В сердце яблок заложено семя нежданной звездою,
в нашем сердце заложено бремя несказанных слов.
Александр же Гингер написал рассказ "Вечер на вокзале"48, наполненный совершенно нехарактерной для него, спокойного и доброго человека, неприязненной интонацией, судите сами: "О, как я ненавижу Нормандию! Их богатство, и горький сидр, и женщин, которые одновременно развратны, как женщины виноградных мест, и расчетливы, как белобрысые красавицы! Этот народ неверен своему слову. Даже мебель их я ненавижу "..." Тяжело жить среди этих людей. Иногда, правда хочется их простить: это когда находишься в компании нормандских пьяниц и во власти семидесятиградусного самогонного кальвадоса. Жуткое северное опьянение, столь несвойственное латинским частям Франции, вот что дала здешней расе скандинавская кровь; да разве еще лазурные нормандские глаза...". Рассказ заканчивался горьким признанием, каких Гингер больше не позволял себе никогда: "Одиннадцать лет я во Франции, но та страна неотступно преследует меня: случайным словом и делом, вопросом цыганенка, обращенным ко мне прямо по-русски среди толпы в самом центре Парижа...". Похоже, что подолгу жить вне столицы обоим супругам было противопоказано, они вернулись.

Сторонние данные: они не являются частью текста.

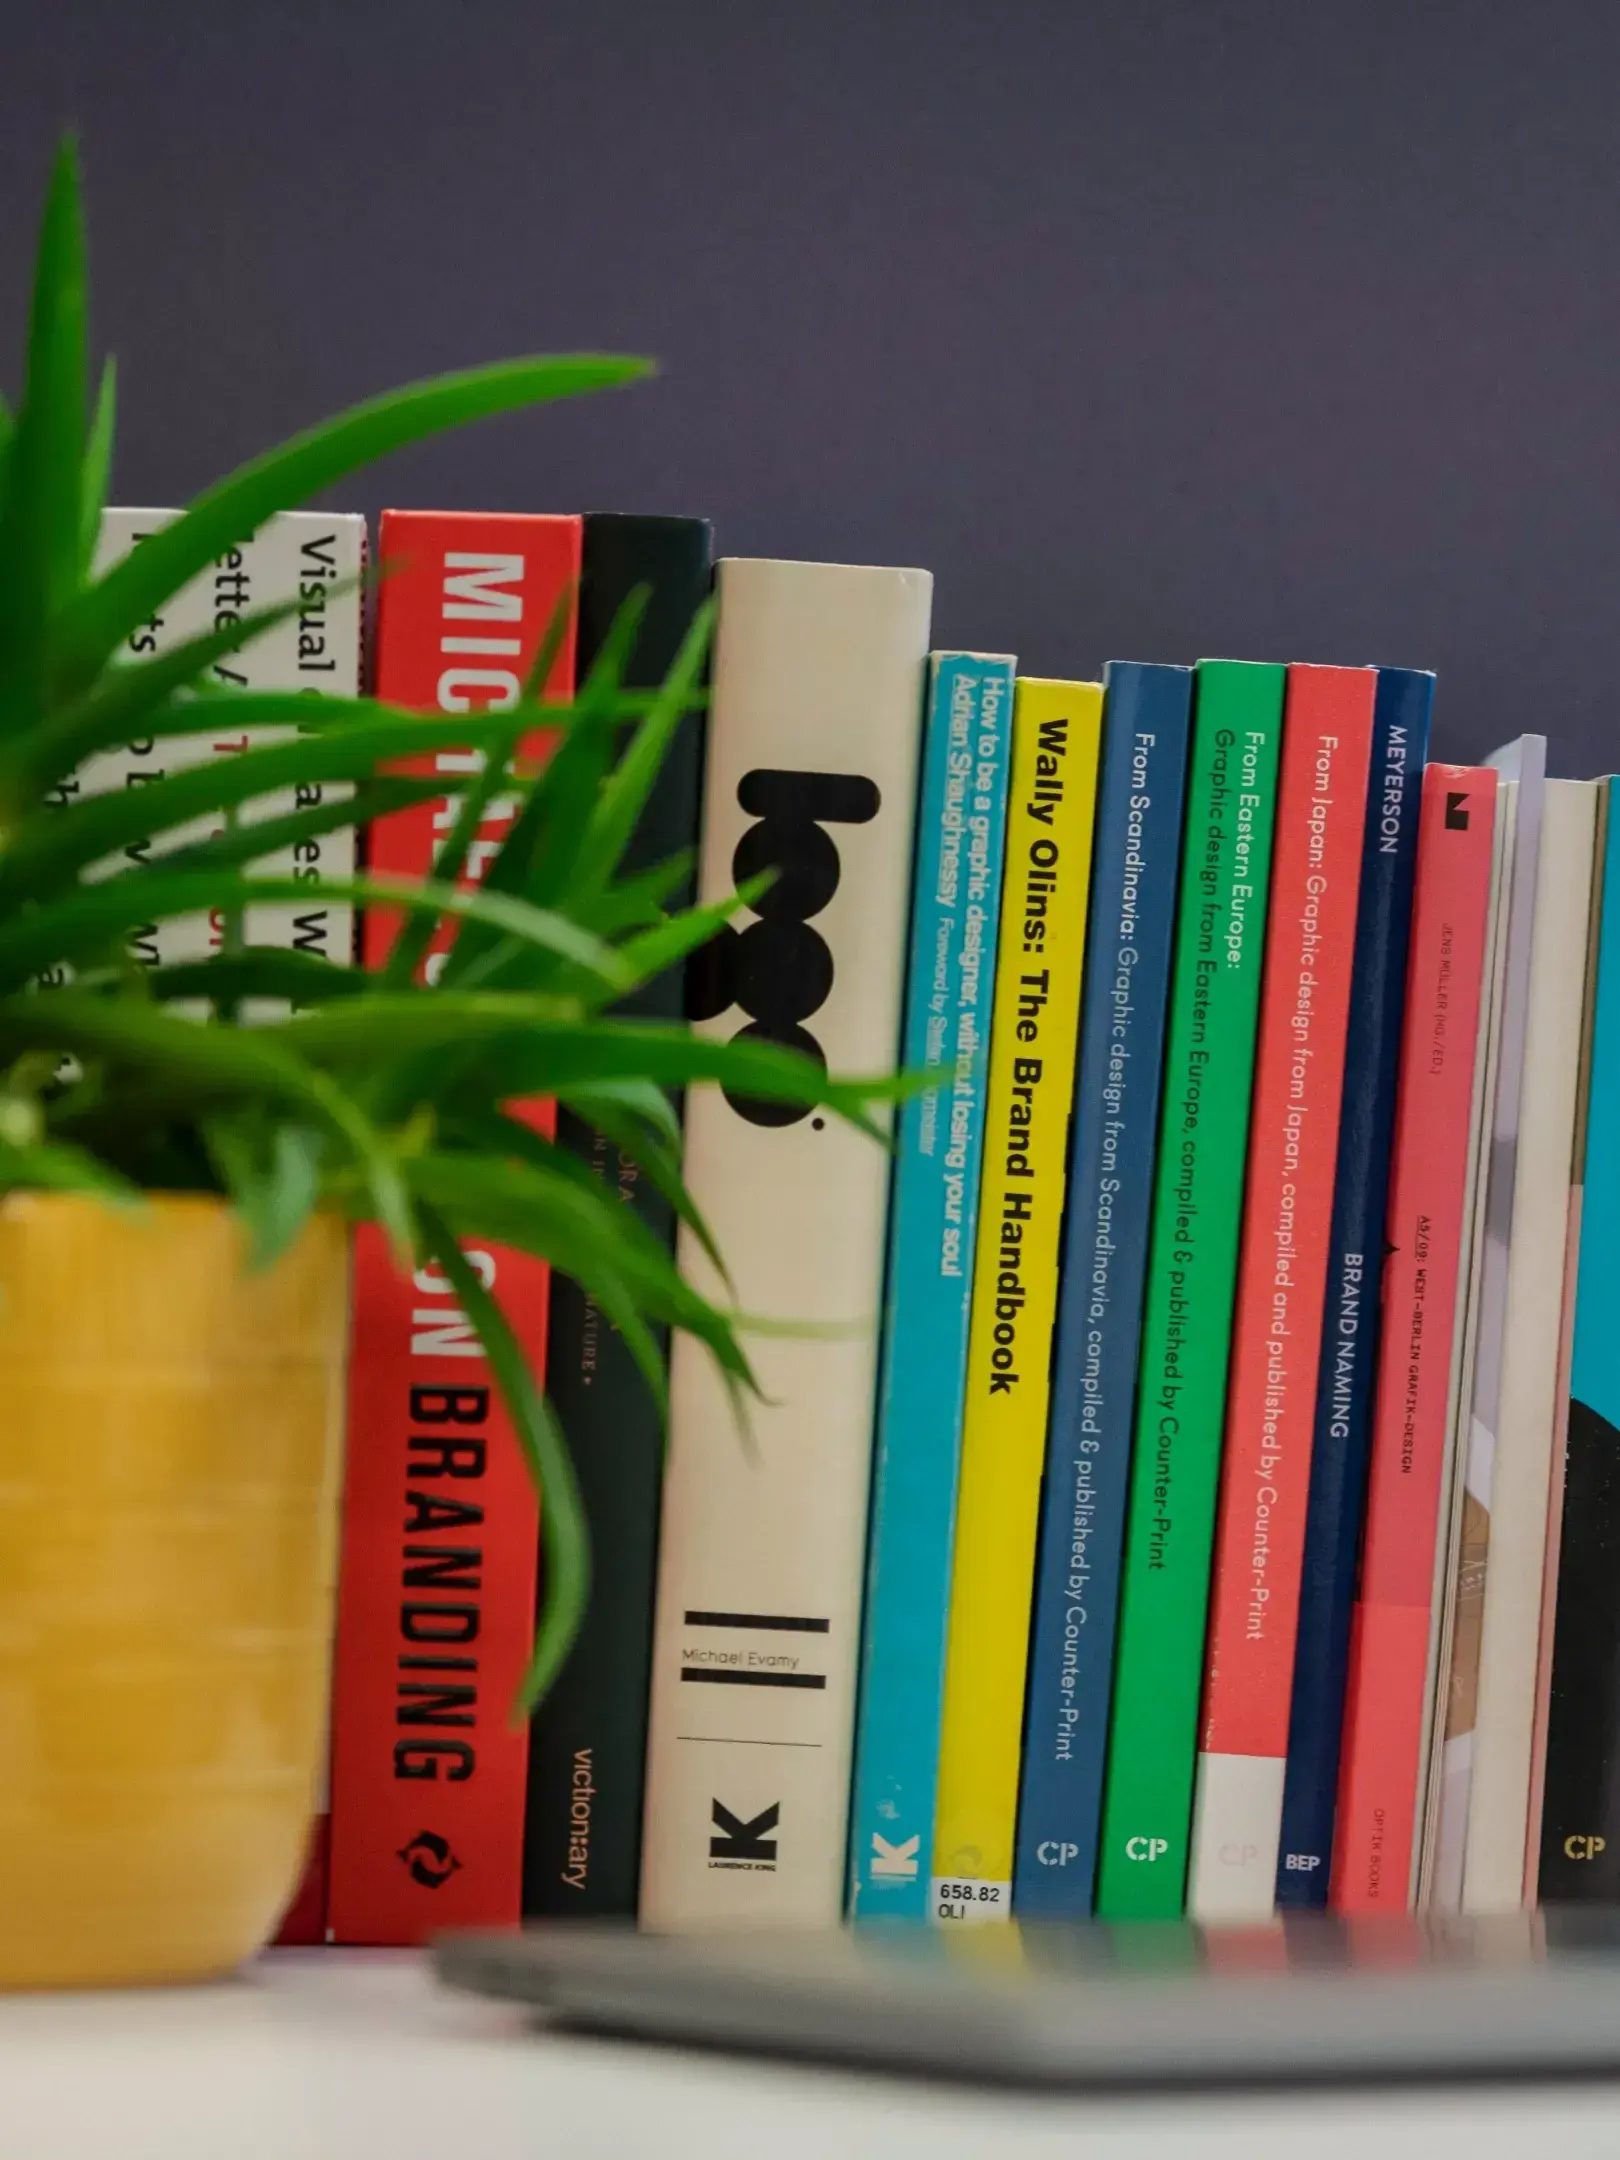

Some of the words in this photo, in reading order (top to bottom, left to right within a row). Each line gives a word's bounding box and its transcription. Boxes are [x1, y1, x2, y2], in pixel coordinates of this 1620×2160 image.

"А печататься нам все-таки негде было. Тогда это казалось главной препоной для нормальной писательской деятельности. Теперь ясно, что эмигрантская литература гибнет из-за отсутствия культурного читателя" - это замечание взято мною из воспоминаний Яновского49, о той же отчаянной заброшенности молодой литературы, которая даже не могла питаться воспоминанием о читательском отклике, как "старая", писал в "Числах" В.Федоров: "... никто никогда не посылал своих творений в такое безвоздушное, в такое стратосферическое путешествие, откуда ни отклика, ни звука, ни поддержки... И вся самоотверженная работа эмигрантского литератора превращается в конце концов в "исторический документ" для будущего русского приват-доцента, который, чтоб стать профессором, приготовит ученую диссертацию "О некоторых попытках литературы в изгнании"..."50.

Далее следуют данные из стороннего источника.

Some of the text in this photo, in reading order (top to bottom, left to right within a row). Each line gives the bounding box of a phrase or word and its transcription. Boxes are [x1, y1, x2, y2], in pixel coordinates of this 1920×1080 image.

Почти без возможности напечатать свои стихи, а следовательно, получить единственно реальный в иноязычной стране на них отклик - критическую рецензию, - жизнь для поэта трудновыносимая. Когда каждый слушатель бесценен, подлинное счастье, если рядом находится человек, способный оценить написанное, или просто поговорить о поэзии. Не случайно же, создавая в 1935 году "Круг", нечто вроде литературно-философско-религиозных бесед, соединив впервые силы нового поколения с "начинающими стареть интеллектуальными бонзами эмиграции"51, менее всего мучались с названием. Оно пришло само собой в голову не только организатору (Фондаминскому), а сразу как-то всем: с одной стороны круг - это совершенство формы, но с другой - выражение полной безысходности... Так что, можно сказать Гингерам и здесь повезло, хотя, конечно, поэтические пары в эмиграции, именно в эмиграции, - явление не столь уж и редкое. Редко "равноправие", равновесие, и единство тех самых противоположностей. Первоначально я хотела назвать книгу "Близнецы". И теперь такое название кажется мне наиболее близким содержанию. Остановило только то, что у специалистов, а такие, слава Богу, есть, из-за названия могли бы возникнуть проблемы с библиографией: вторая книга стихов Присмановой называлась именно "Близнецы". Но как велик был соблазн - они ведь близнецы, как те "существа серафические", Александр с его солнечной ленью и Анна с ее лунной деятельностью. Название книжке пришло с воспоминанием о давнишней передаче о Присмановой на радио, подготовленной Евгением Витковским. Передача та, умная и теплая называлась "Туманное звено"52, сама названная по строчке Анны Присмановой:
Пусть дождь идет, туманное звено
то снизу вверх, то сверху вниз сдвигая...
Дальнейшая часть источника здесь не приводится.